» REQUIRED WORK
Reproduce each line of the material precisely.

» PROVIDED RECORDS
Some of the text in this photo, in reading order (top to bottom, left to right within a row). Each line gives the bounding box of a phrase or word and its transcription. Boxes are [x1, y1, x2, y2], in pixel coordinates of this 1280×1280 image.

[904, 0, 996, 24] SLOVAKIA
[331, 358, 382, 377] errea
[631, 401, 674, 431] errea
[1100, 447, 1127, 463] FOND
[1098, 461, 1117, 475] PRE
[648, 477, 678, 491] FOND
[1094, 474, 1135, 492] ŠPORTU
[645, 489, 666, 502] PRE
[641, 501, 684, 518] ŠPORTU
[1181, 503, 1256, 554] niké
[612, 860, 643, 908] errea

» RESULT
Some of the text in this photo, in reading order (top to bottom, left to right within a row). Each line gives the bounding box of a phrase or word and its transcription. Boxes are [x1, y1, x2, y2], in pixel coordinates of this 1280×1280 image.

[904, 0, 996, 24] SLOVAKIA
[331, 358, 382, 377] errea
[631, 401, 674, 431] errea
[1100, 447, 1127, 463] FOND
[1098, 461, 1117, 475] PRE
[648, 477, 678, 491] FOND
[1094, 474, 1135, 492] ŠPORTU
[645, 489, 666, 502] PRE
[641, 501, 684, 518] ŠPORTU
[1181, 503, 1256, 554] niké
[612, 860, 643, 908] errea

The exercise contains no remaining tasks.